Method	Complexity	Mean	Error	StdDev	Code Size
Pointers	O(n^2)???	76.76 ms	1.465 ms	1.628 ms	1,781 B
My	O(n^2 * log n)	93.08 ms	1.831 ms	3.980 ms	1,999 B
MyImproved	O(n^2 * log n)	62.53 ms	1.234 ms	2.226 ms	1,980 B

TL;DR:

.CompareTo() seemed to be bogging down the implementation of .BinarySearch(). Removing it and using actual integer comparison seemed to help a lot. Either that, or it's some funky interface stuff that I'm not prepared to investigate :)

The third inner loop is actually "the same" as the second, cause it moves left and right indexer to each other. — Guru Stron, Jul 27 '22 at 01:13
Thanks for pointing that out--I misread the code a little ;) — Mooshua, Jul 27 '22 at 01:18
This community is impressive, I think that your "MyImproved()" is right the "3SUM" solution I was looking for.
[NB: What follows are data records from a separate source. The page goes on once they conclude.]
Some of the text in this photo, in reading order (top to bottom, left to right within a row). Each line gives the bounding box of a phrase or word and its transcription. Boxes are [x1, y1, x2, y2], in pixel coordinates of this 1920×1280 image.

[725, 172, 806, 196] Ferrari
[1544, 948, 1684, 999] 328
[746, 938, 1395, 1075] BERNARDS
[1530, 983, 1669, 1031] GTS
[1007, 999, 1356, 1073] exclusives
I will study this. Thank you very much for your time @Mooshua. — Bita, Jul 27 '22 at 01:19

score 0 · Answer 3 · edited Jul 27 '22 at 00:42

0

Two tips:

Use sharplab.io to see your lowered code, it may reveal something (link)
try running these seperate tests through the dotnetBenchmark nuget package, it'll give you more accurate timings, and if the memory usage or allocations is considerably higher in one case, that could be your answer.

Anyway, are you running these tests in debug or release mode? I just had a thought that I haven't tested recently, but I believe that the debugger overhead can significantly affect the performance of a binary search.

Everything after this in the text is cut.